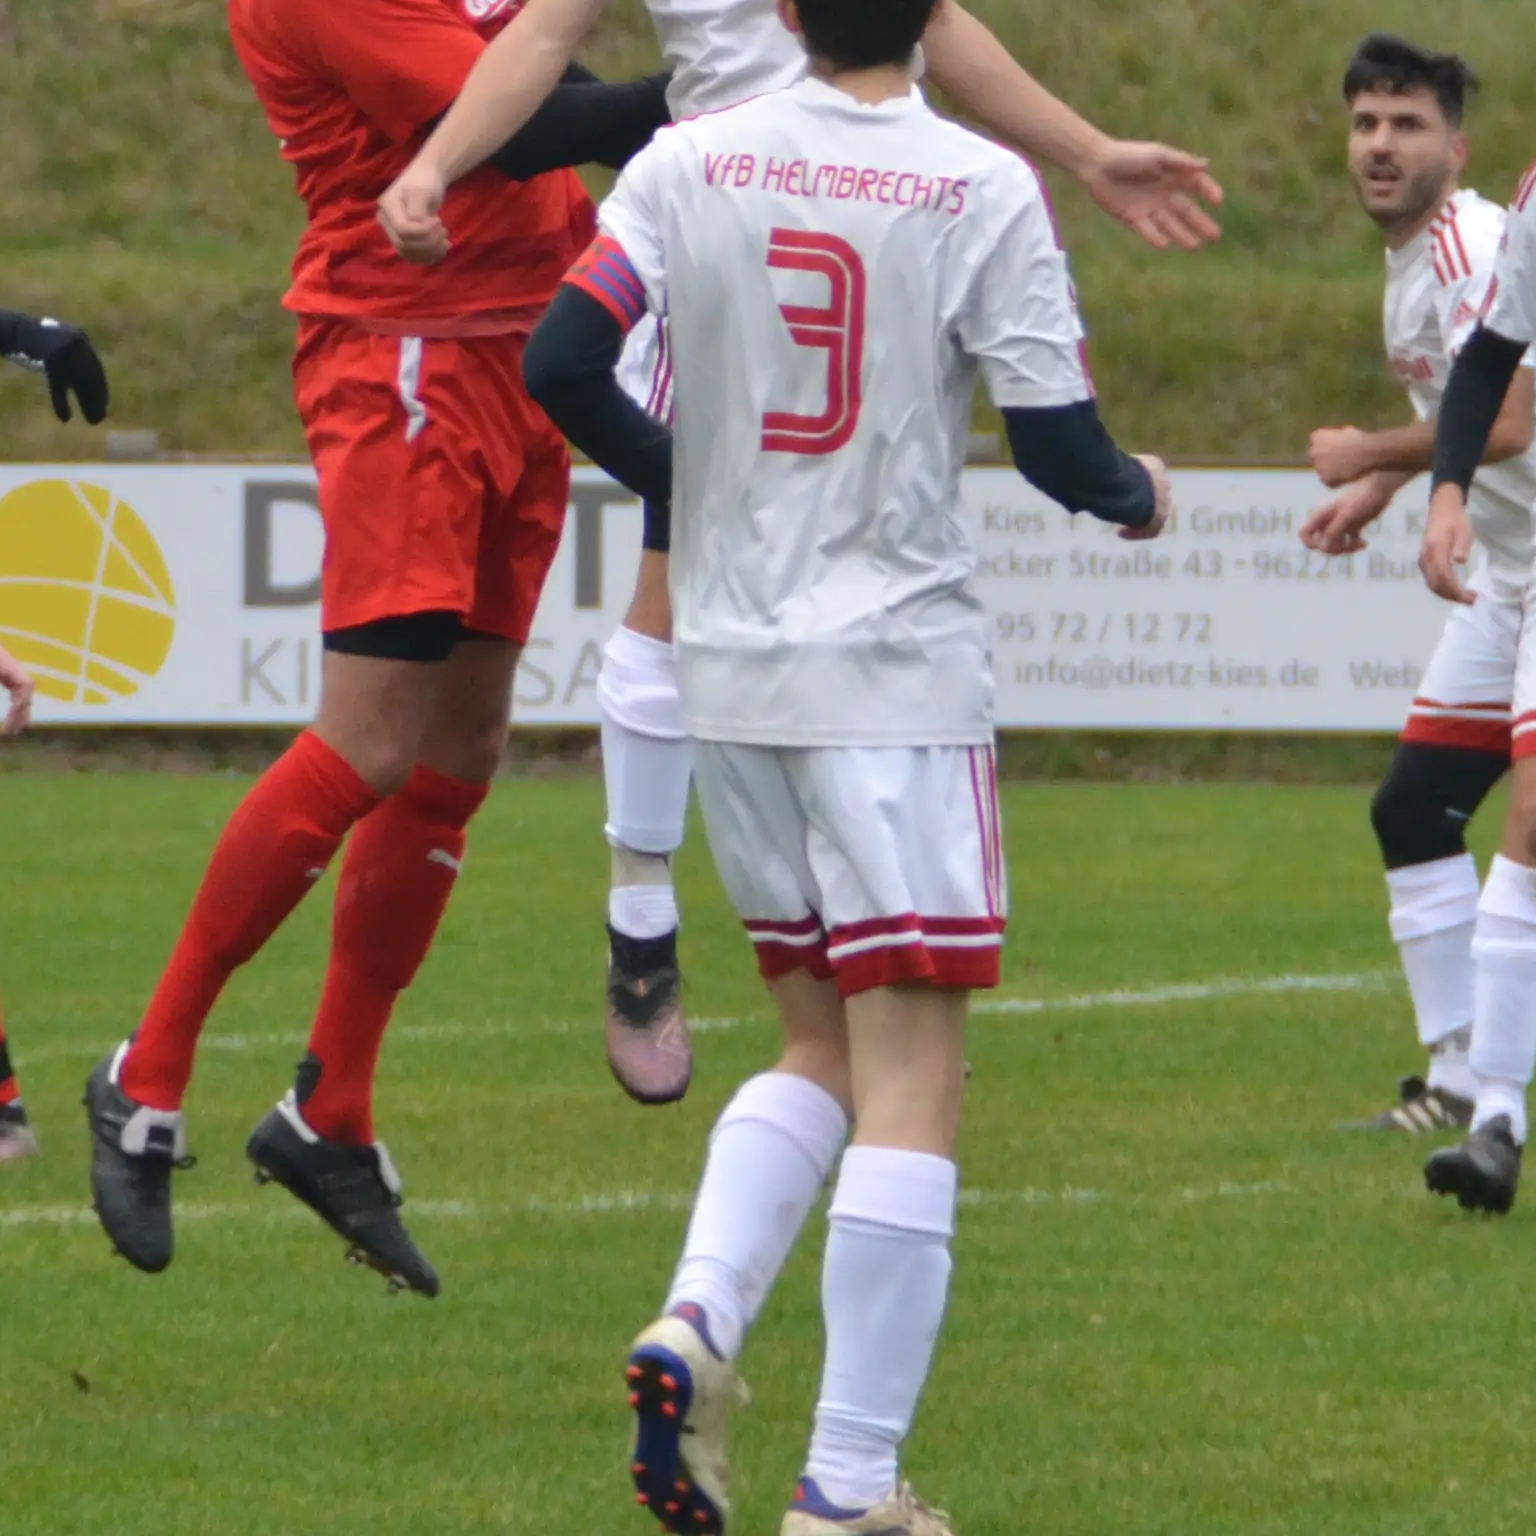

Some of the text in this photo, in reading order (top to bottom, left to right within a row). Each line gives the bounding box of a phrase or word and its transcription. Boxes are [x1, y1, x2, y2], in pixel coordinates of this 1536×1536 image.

[705, 152, 968, 215] VfB HELMBRECHTS
[761, 228, 866, 455] 3
[1190, 505, 1293, 535] GmbH
[1183, 549, 1223, 578] 43
[996, 613, 1035, 643] 95
[1050, 613, 1086, 643] 72
[1125, 613, 1160, 642] 12
[1175, 613, 1212, 642] 72
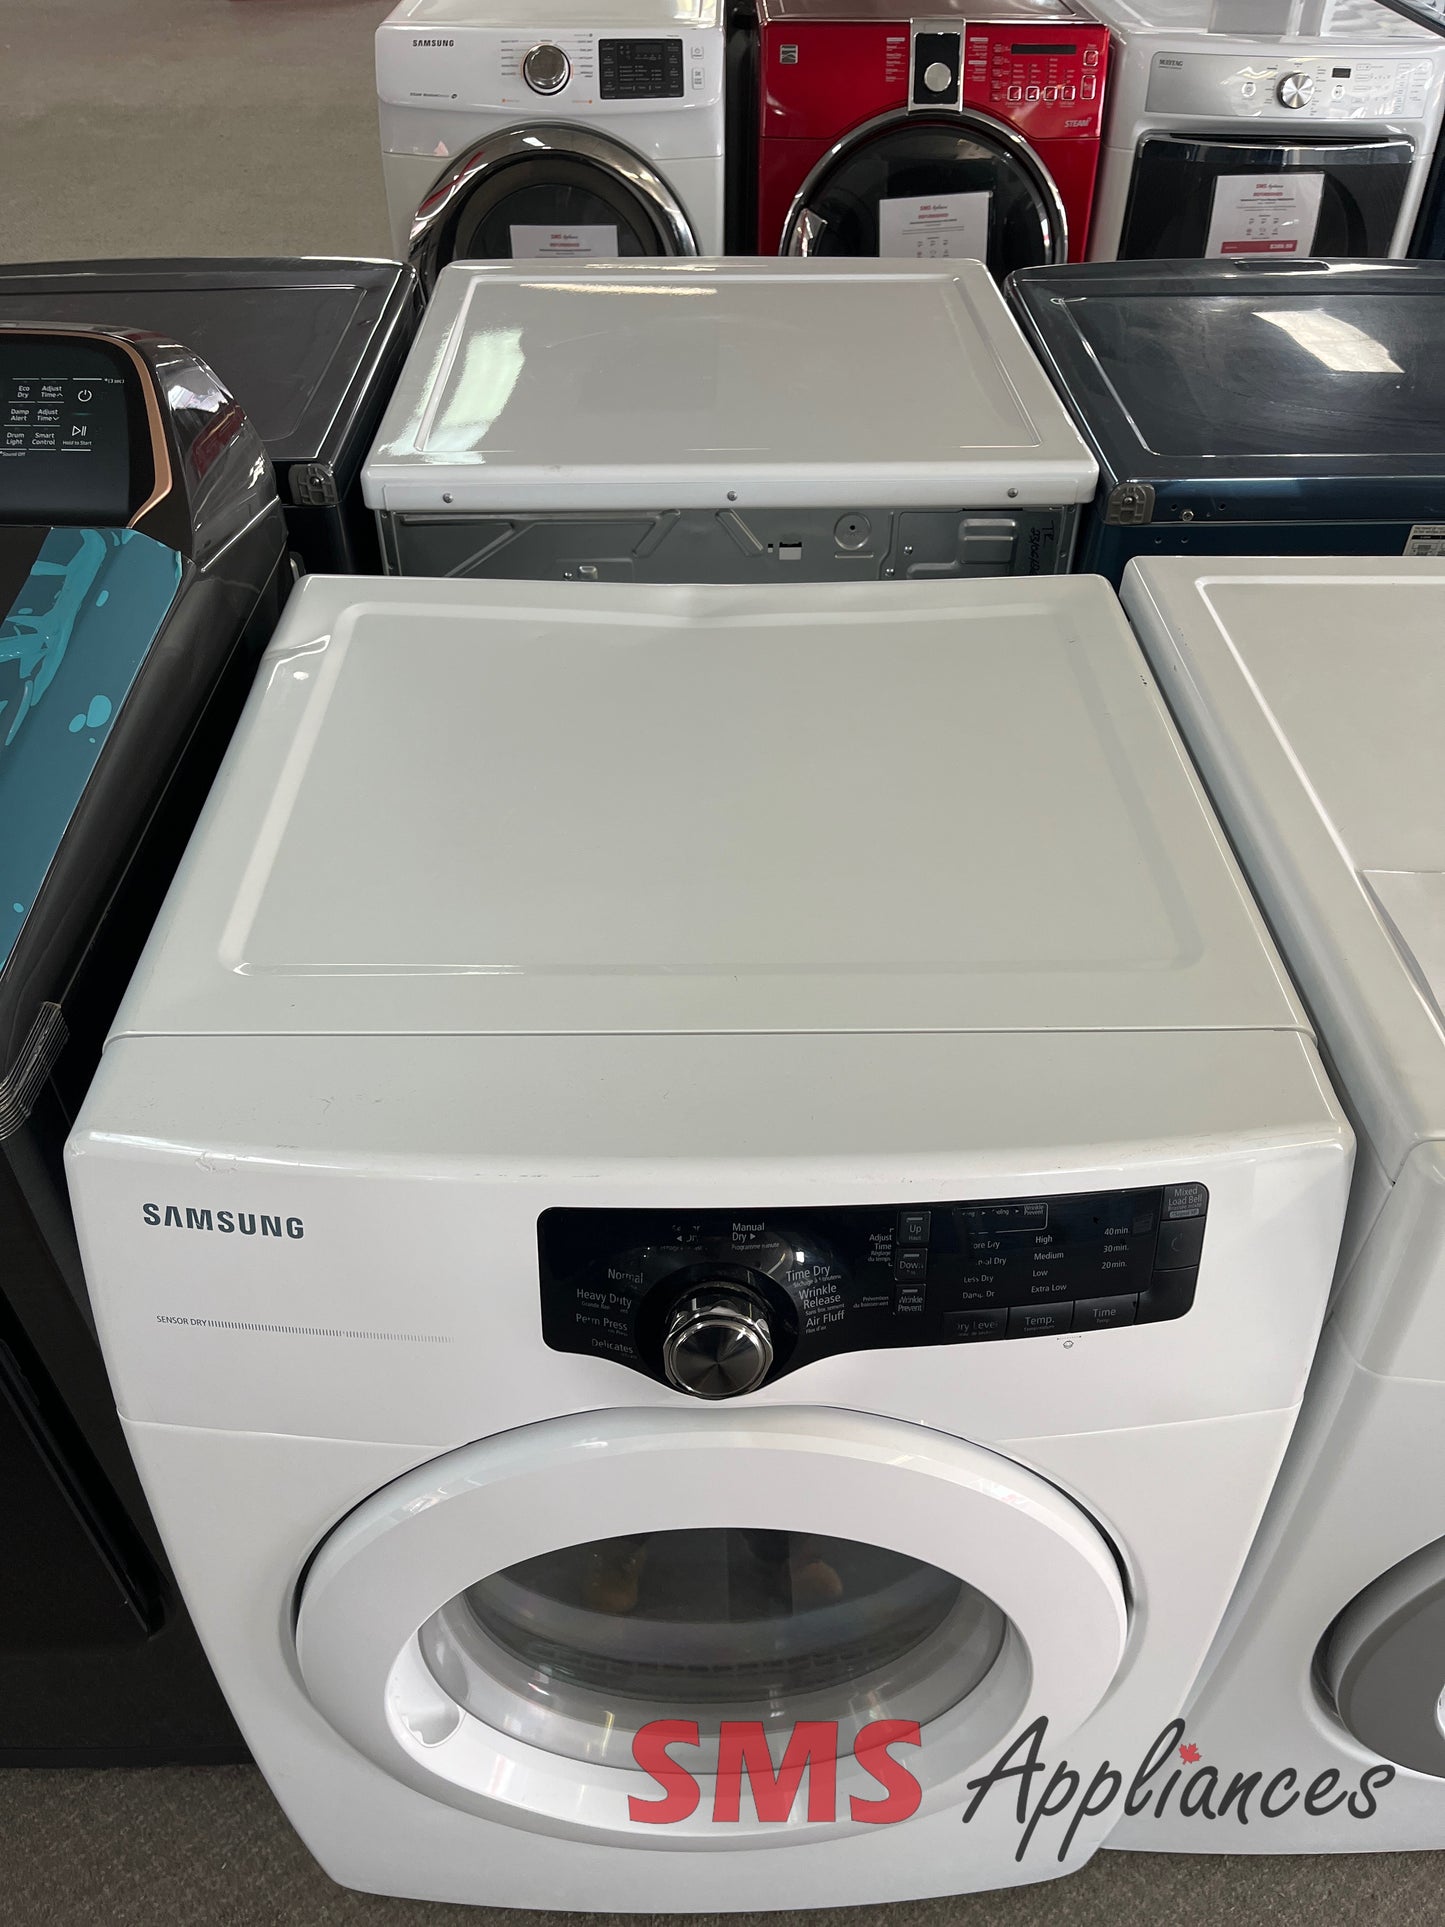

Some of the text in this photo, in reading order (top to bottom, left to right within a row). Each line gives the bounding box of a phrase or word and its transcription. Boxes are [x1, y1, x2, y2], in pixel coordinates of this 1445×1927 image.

[412, 39, 455, 47] SAMSUNG
[1174, 1187, 1198, 1197] Mixed
[1168, 1194, 1202, 1206] Load Bell
[142, 1202, 305, 1240] SAMSUNG
[732, 1222, 765, 1232] Manual
[909, 1224, 922, 1234] Up
[732, 1232, 747, 1243] Dry
[869, 1234, 892, 1242] Adjust
[1035, 1235, 1053, 1245] High
[987, 1240, 1000, 1250] Dry
[994, 1257, 1007, 1266] Dry
[1034, 1252, 1064, 1261] Medium
[608, 1268, 643, 1284] Normal
[786, 1270, 810, 1282] Time
[813, 1266, 830, 1276] Dry
[981, 1274, 994, 1283] Dry
[799, 1283, 837, 1300] Wrinkle
[576, 1288, 632, 1309] Heavy Duty
[804, 1294, 841, 1310] Release
[1093, 1308, 1117, 1317] Time
[156, 1315, 207, 1327] SENSOR DRY
[576, 1313, 628, 1331] Perm Press
[806, 1310, 845, 1328] Air Fluff
[1024, 1316, 1055, 1326] Temp.
[591, 1338, 634, 1353] Delicates

TASK TO CARRY OUT: The complete material, set down exactly and stripped of pictures, is the expected response.

RESPONSE BELOW:
Some of the text in this photo, in reading order (top to bottom, left to right within a row). Each line gives the bounding box of a phrase or word and its transcription. Boxes are [x1, y1, x2, y2], in pixel coordinates of this 1536×1536 image.

[705, 152, 968, 215] VfB HELMBRECHTS
[761, 228, 866, 455] 3
[1190, 505, 1293, 535] GmbH
[1183, 549, 1223, 578] 43
[996, 613, 1035, 643] 95
[1050, 613, 1086, 643] 72
[1125, 613, 1160, 642] 12
[1175, 613, 1212, 642] 72

Some of the text in this photo, in reading order (top to bottom, left to right within a row). Each line gives the bounding box of a phrase or word and its transcription. Boxes are [x1, y1, x2, y2], in pixel coordinates of this 1445×1927 image.

[412, 39, 455, 47] SAMSUNG
[1174, 1187, 1198, 1197] Mixed
[1168, 1194, 1202, 1206] Load Bell
[142, 1202, 305, 1240] SAMSUNG
[732, 1222, 765, 1232] Manual
[909, 1224, 922, 1234] Up
[732, 1232, 747, 1243] Dry
[869, 1234, 892, 1242] Adjust
[1035, 1235, 1053, 1245] High
[987, 1240, 1000, 1250] Dry
[994, 1257, 1007, 1266] Dry
[1034, 1252, 1064, 1261] Medium
[608, 1268, 643, 1284] Normal
[786, 1270, 810, 1282] Time
[813, 1266, 830, 1276] Dry
[981, 1274, 994, 1283] Dry
[799, 1283, 837, 1300] Wrinkle
[576, 1288, 632, 1309] Heavy Duty
[804, 1294, 841, 1310] Release
[1093, 1308, 1117, 1317] Time
[156, 1315, 207, 1327] SENSOR DRY
[576, 1313, 628, 1331] Perm Press
[806, 1310, 845, 1328] Air Fluff
[1024, 1316, 1055, 1326] Temp.
[591, 1338, 634, 1353] Delicates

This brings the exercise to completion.